I'm also doing a start over rewrite... I'm already at the declutter phase of the original dictionary, will have a modified uncluttered dictionary in a week, I'm also writing side by side the scripts that will parse that modified dictionary and produce the scripts. funny thing is the first time I ignored like 99% of what was in the original dictionary. Most of the bad spellings would of been fixed by the definitions following the words. I also didn't realize a few things about word tokens... really I could of tossed from the get go all the ADJ:X-ing words as they are covered by their verb forms. [STANDARD VERB] provides participles as adjectives as if they had THE_COMPOUND_ADJ and FRONT_COMPOUND_ADJ. Also tags in the definitions provide plural forms, and identify N.Plurals and all sorts of things I didn't bother to look for. I'm currently running a Fix script that seeks target information that identifies it as potentially bad (the original dictionary was 30k deep, I deleted manually from that as I rushed through it mostly by hand). My goal is to finish the deletions by next weekend.
Things language wise are not simple enough that you can just create a script and expect it to make sense of the sheer complexity of the various tenses of the words and so on. Like it or not, in order to get a good outcome you have to trawl through all the words in your word file to make sure everything is fine because lots of words do not follow the 'rules' that most of them do.
Another problem is that these are *not* words as they actually appear in the game. What we are doing is translating words into another language and using the symbolic tokens to actually make use of them, a lot of the time you need more than one of the same word because the same word (in english) does not mean the exact same thing.
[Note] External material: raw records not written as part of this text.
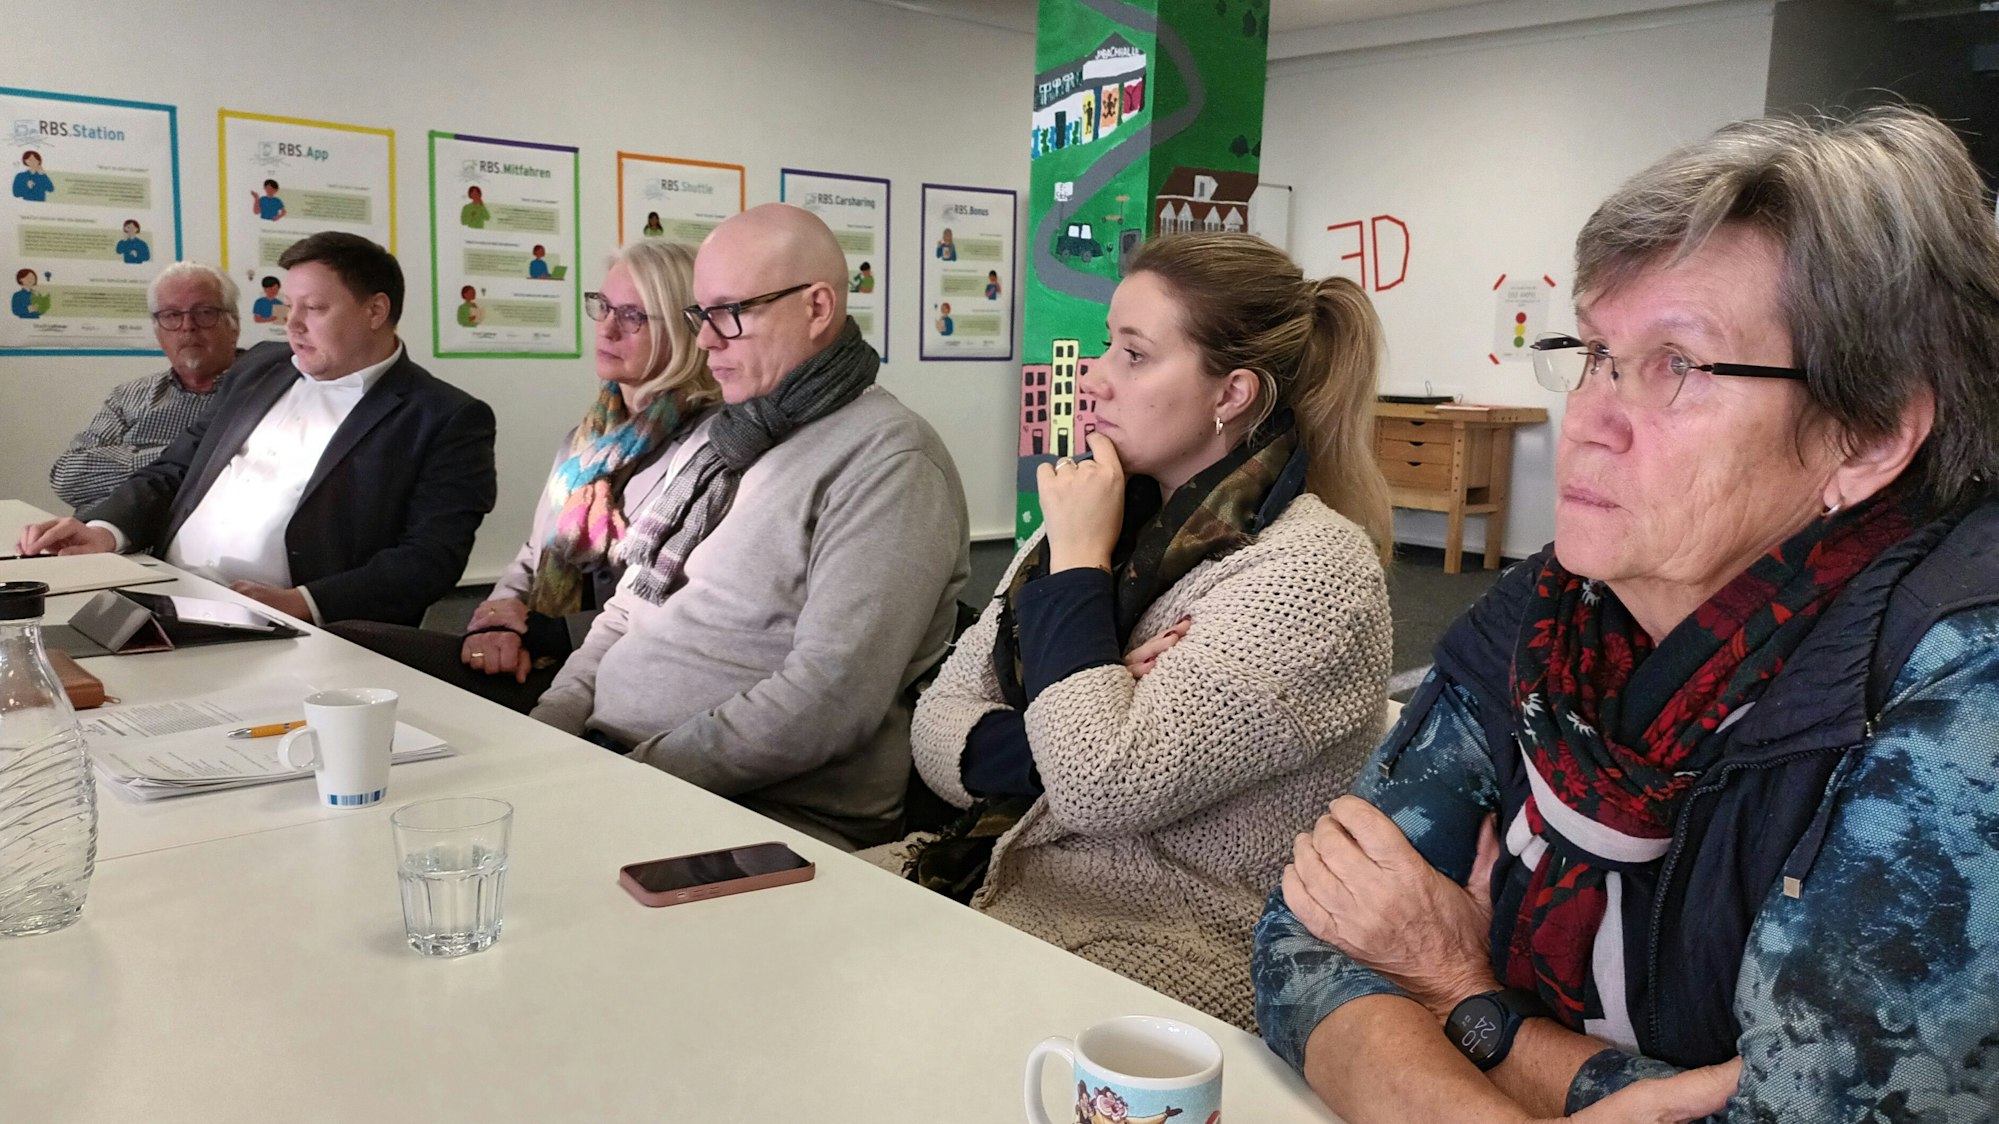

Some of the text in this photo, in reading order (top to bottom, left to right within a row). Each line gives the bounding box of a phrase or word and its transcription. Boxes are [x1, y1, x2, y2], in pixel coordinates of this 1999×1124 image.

[39, 120, 126, 141] RBS.Station
[278, 142, 329, 162] RBS.App
[480, 160, 551, 178] RBS.Mitfahren
[818, 193, 876, 210] RBS.Carsharing
[954, 204, 989, 216] RBS.Bonus
A lot of the time you have nouns which mean a different thing symbolically to their verbs or adjectives under the same form. You basically have to manually iron out the quirks of the English language in order to create a universal language that can sustain a large number of other languages. A computer basically cannot do that, the errors that it has added to the spelling are trivial compared to the time consuming process of having to google search all the different meanings the word has to check if the verb, noun and adjective are all the same thing basically, also to duplicate words where needed.
of course a lot of the subtlety of the language can be lost with bad scripting... but the bad thing a lot of what makes me upset with the current version I have.... came from my own hand. I shoved many words together trying to reduce the script in ways that were bad... the original dictionary actually had all the rules for spelling, words were separated better by meaning, and really all it needed was bad words culled, more than anything.... which is what I'm doing right now with the rewrite. I culled many things before without checking to see if it was even in the game, then left a lot of other stuff for variety that really was just clutter. we don't need cabin, house, cottage, etc. when just house would be enough.... further attempts to cull the script turned into a fiasco.
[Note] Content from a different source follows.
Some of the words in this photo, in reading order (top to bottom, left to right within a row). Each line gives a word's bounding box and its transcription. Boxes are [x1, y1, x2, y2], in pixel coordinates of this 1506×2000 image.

If you want to see the original dictionary, I've got a place its uploaded to where you can download it.
the entire thing was a multistage project, how it should of been done was:
1. cull the original dictionary of all bad words period this results in a modified dictionary. I messed up here, because I let people rush me and goad me into getting the job done fast. culling properly at this stage wouldn't have forced the rash decisions of the later stages that I took.
2. turn the modified dictionary into a script dictionary, this is a dictionary that is easily read by a parser to create the word files so that manually editing each file separately will not be necessary. better scripts at this point would of caught the spelling errors by using information nested in the definitions (it literally has tags for when a different past tense and past participle tense should be used, or when a word requires an x to xx transformation). that would of caught by my estimates 95% of the spelling errors... other scripts at this point could identify invalid adjectives. adjectives that would be unnecessary due to the presence of a past/past participle verb word already present.
3. create scripts that take the script dictionary and parse it into the proper files. This part I had actually perfected pretty well. A little too well in some aspects, I provided way too many options which made the script dictionary extremely hard to read and caused a lot of the later failures at culling properly or adding symbolism.
4. MANUALLY select the symbol tables. I made several attempts to add symbolism through scripting and here you are absolutely right, its neigh impossible to accomplish... I don't own a watson super computer.
but through it all when I say target selections for removal, then manually delete, they are rather mundane scripts that basically scan the dictionary for words such as say "abbr." which is the dictionary term for abbreviation, then I check the line and remove it if it is an abbreviation. my targeting script shows me when a line is a duplicate line, duplicate start word, contains abbr., and various other "dictionary" terms of words that generally need to be removed. I work each section down, remove the target tags, rerun the script on the new file, until each target returns zero tagged lines. rinse and repeat with a new target. If I don't think a line deserves deletion I remove the offending target that appeared. (in other words when targeting american, I cut american out of all the plant and animal definitions that do exist inside off the vanilla DF scripts.). This works better than searching all the entries line by line manually as some definitions are truly massive.... I can focus on one thing at a time. when I run out of targets that I'm looking to remove, I can scan a section (100 or so lines) and find another handful of "targets" for removal.